:: Required work ::
Each entry should be transcribed exactly as written, and any picture left out.

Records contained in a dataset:
<<<<
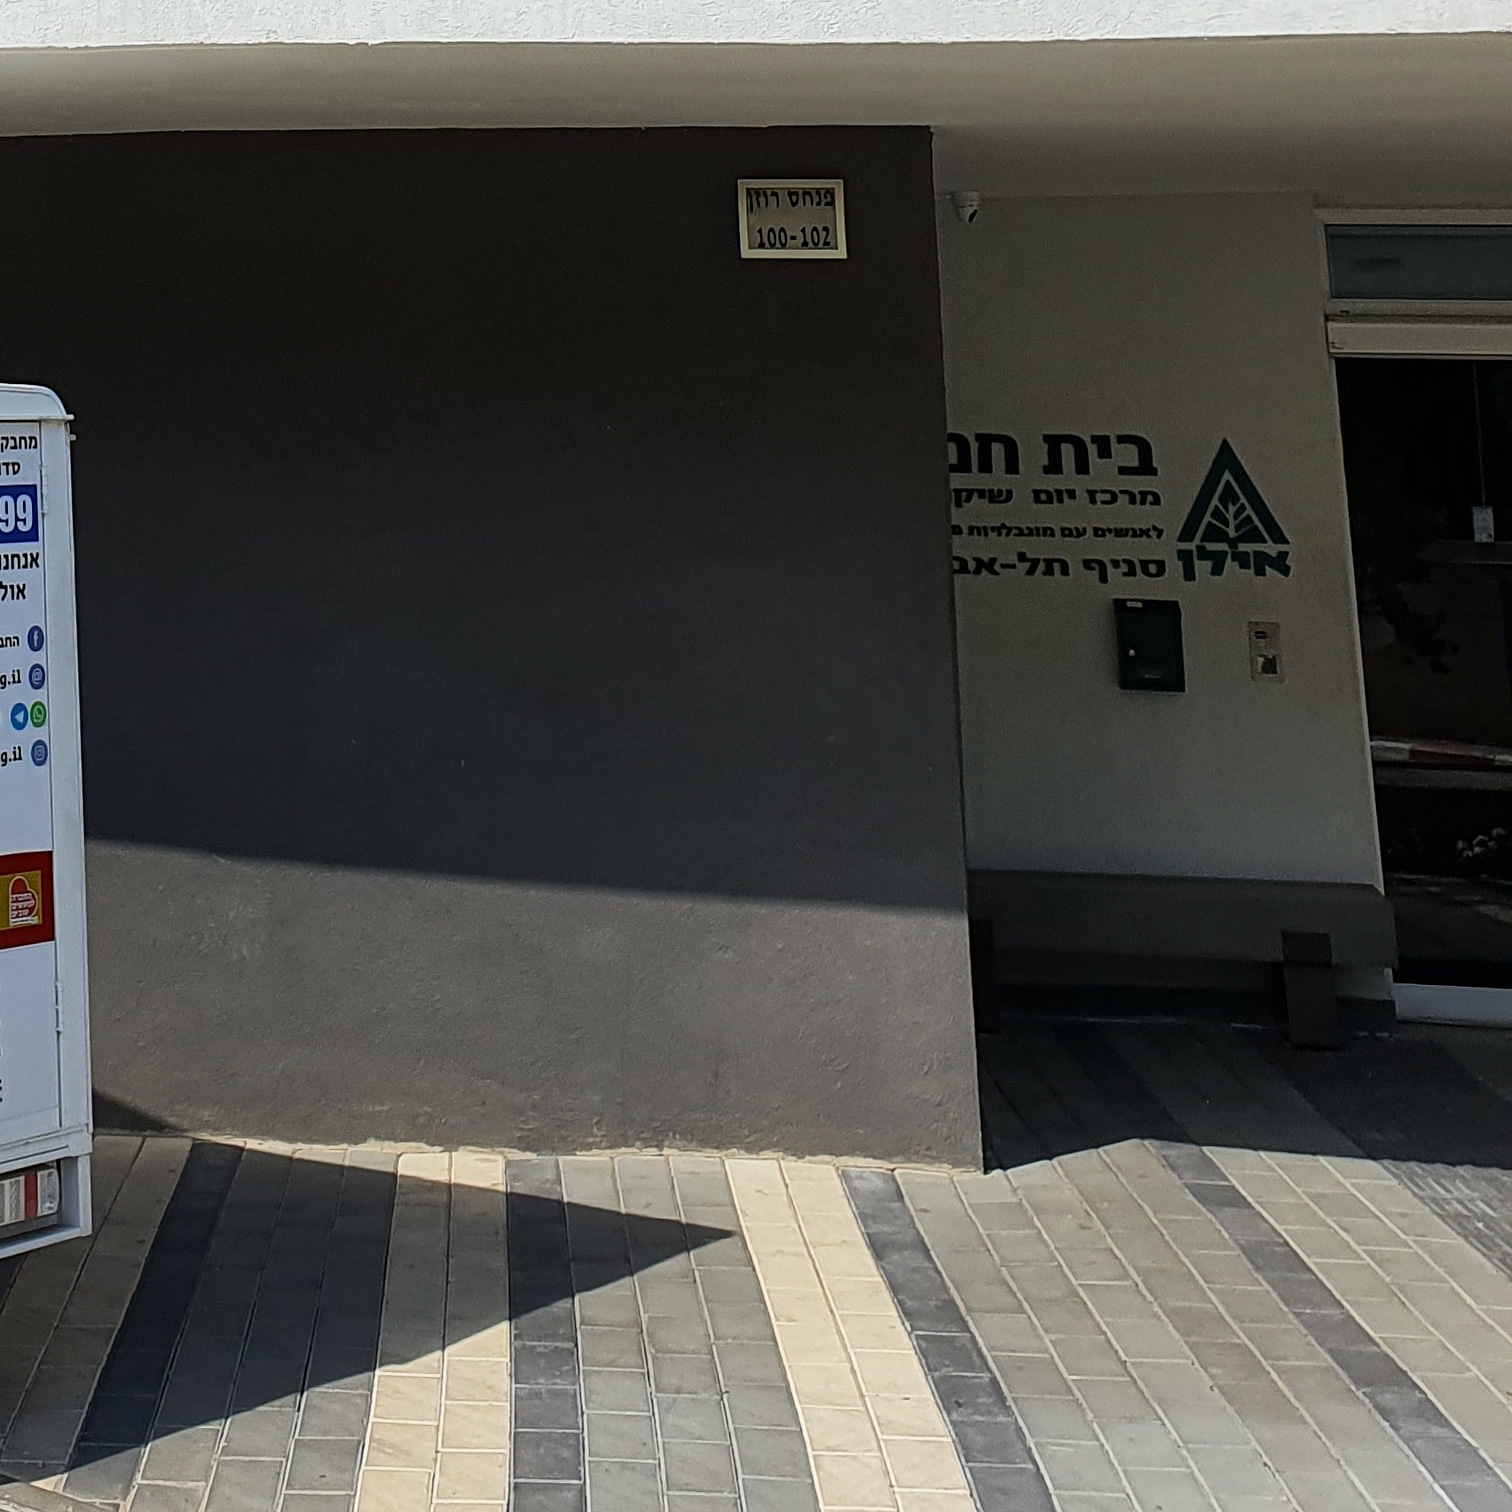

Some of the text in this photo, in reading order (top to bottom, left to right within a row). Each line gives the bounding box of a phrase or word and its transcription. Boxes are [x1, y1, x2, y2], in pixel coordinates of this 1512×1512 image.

[748, 191, 834, 213] פנחס רוזן
[757, 226, 831, 248] 100-102
[947, 433, 1158, 476] בית חנ
[953, 488, 1161, 508] מרכז יום שיק
[1060, 526, 1087, 538] עם
[1093, 526, 1164, 539] לאנשים
[953, 552, 1166, 584] סניף תל-אב
[1177, 545, 1291, 581] אילן
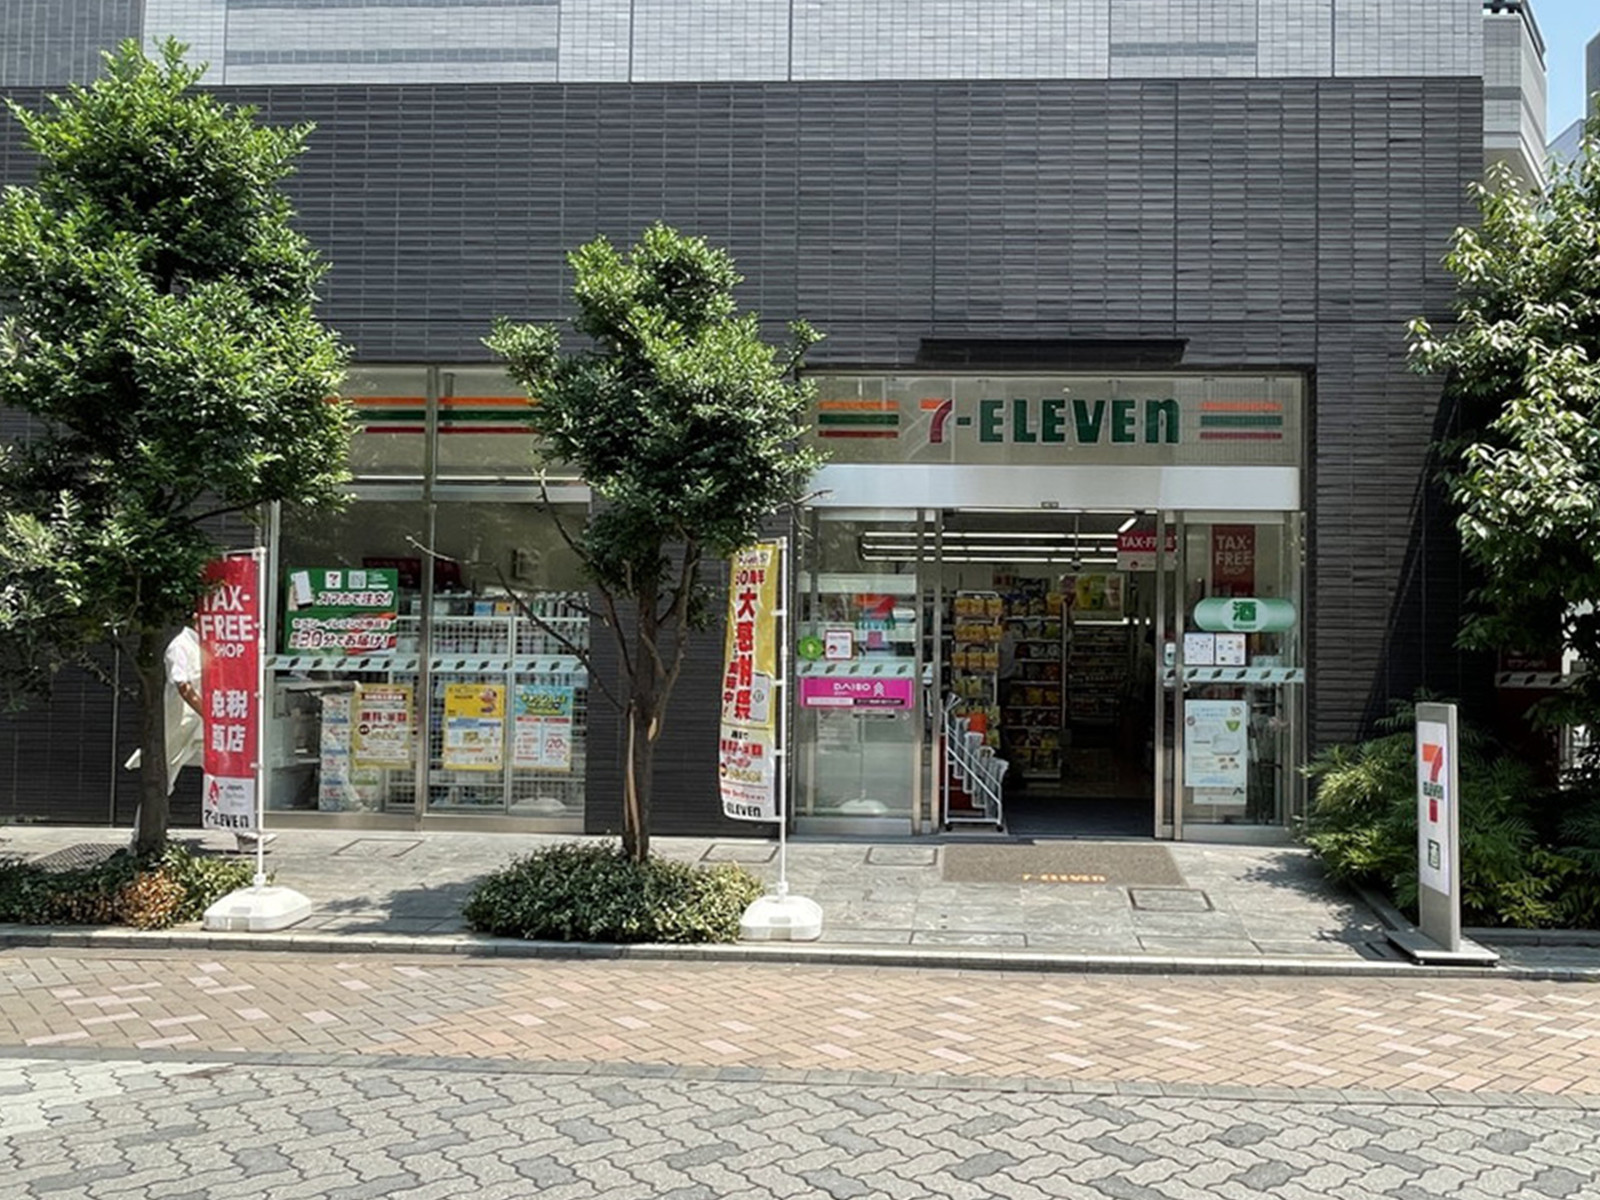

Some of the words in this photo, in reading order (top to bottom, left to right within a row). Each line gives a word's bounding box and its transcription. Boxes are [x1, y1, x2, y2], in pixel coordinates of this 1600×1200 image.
>>>>
:: Exercise output ::
Some of the text in this photo, in reading order (top to bottom, left to right within a row). Each line gives the bounding box of a phrase or word and its transcription. Boxes are [x1, y1, x2, y2], in pixel coordinates of this 1512×1512 image.

[748, 191, 834, 213] פנחס רוזן
[757, 226, 831, 248] 100-102
[947, 433, 1158, 476] בית חנ
[953, 488, 1161, 508] מרכז יום שיק
[1060, 526, 1087, 538] עם
[1093, 526, 1164, 539] לאנשים
[953, 552, 1166, 584] סניף תל-אב
[1177, 545, 1291, 581] אילן

Some of the words in this photo, in reading order (top to bottom, left to right within a row). Each line gives a word's bounding box and its transcription. Boxes are [x1, y1, x2, y2], in pixel coordinates of this 1600×1200 image.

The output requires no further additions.